Allora visti gli annunci estivi sulle linee generali sulla scuola – mentre donne venivano decapitate e investite dai loro amanti e mariti – approfittiamo ancora una volta per indicare o ricordare a Matteo Renzi la proposta di legge, a mia prima firma, sull’introduzione dell’educazione sentimentale nelle scuole. L’Italia è l’unico Paese in Europa (oltre alla Grecia) a non avere un’ora del programma settimanale dedicato all’affettività o all’educazione sessuale. La ministra Giannini aveva assicurato, durante una audizione lo scorso aprile, che avrebbe inserito l’educazione all’alterità nei programmi scolastici. Parole a cui non sono seguiti fatti.
“#1oradamore”, come abbiamo provocatoriamente chiamato la campagna di sensibilizzazione, significa formazione per gli insegnanti, perché sappiano affrontare il rapporto con i ragazzi rispettando le differenze, non solo quelle tra maschi e femmine, ma anche culturali e religiose.
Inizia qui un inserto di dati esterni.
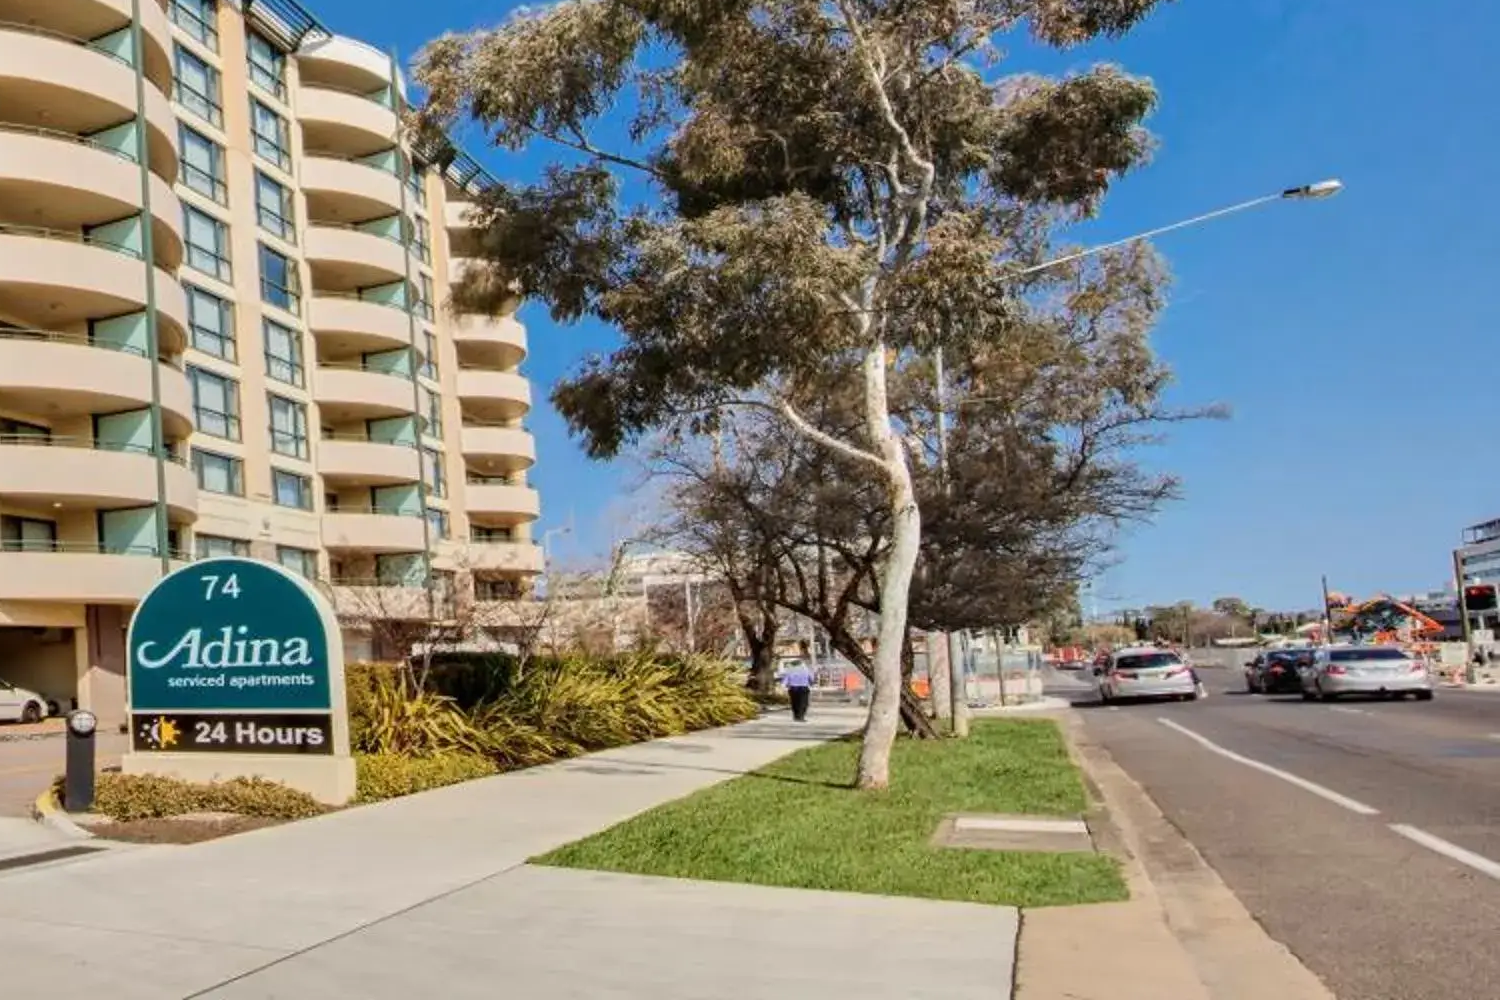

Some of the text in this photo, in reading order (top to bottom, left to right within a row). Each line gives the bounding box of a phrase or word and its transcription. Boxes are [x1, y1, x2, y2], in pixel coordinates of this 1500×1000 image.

Proprio qualche giorno fa Presa Diretta ha dedicato un lungo speciale dedicato alla prostituzione minorile, partendo dall’episodio di cronaca avvenuto nella Capitale. Due ragazzine – 14 e 15 anni – che ricevevano in un appartamento dei Parioli centinaia di uomini adulti. Una storia che somiglia a tantissime altre che continuano ad avvenire anche sotto ai nostri occhi. Sono state definite “baby squillo”, “ragazze doccia” o “lolite”; ma è un fenomeno decisamente più complesso delle definizioni della cronaca giornalistica: riguardano l’utilizzo del corpo come moneta sociale, la mercificazione del sesso, l’immagine delle donne sui media.
Nessuno pensa con l’introduzione dell’educazione sentimentale di strappare alle famiglie l’educazione dei figli, ma un Paese maturo non può commettere l’errore di pensare che tutti gli adolescenti vivano le stesse situazioni familiari: l’esperienza ci racconta come la violenza spesso si annidi proprio tra le mura domestiche.
La scuola è lo spazio in cui i ragazzi trascorrono la maggior parte del loro tempo; lì dentro dobbiamo offrire strumenti di lettura dei processi storici, culturali e sociali, per creare una futura cittadinanza consapevole, solidale e aperta alle differenze. Diversi insegnanti attenti e sensibili – da Nord a Sud Italia – dedicano già parte delle loro lezioni a questi temi. Una ulteriore conferma di come il Paese sia più avanti della politica.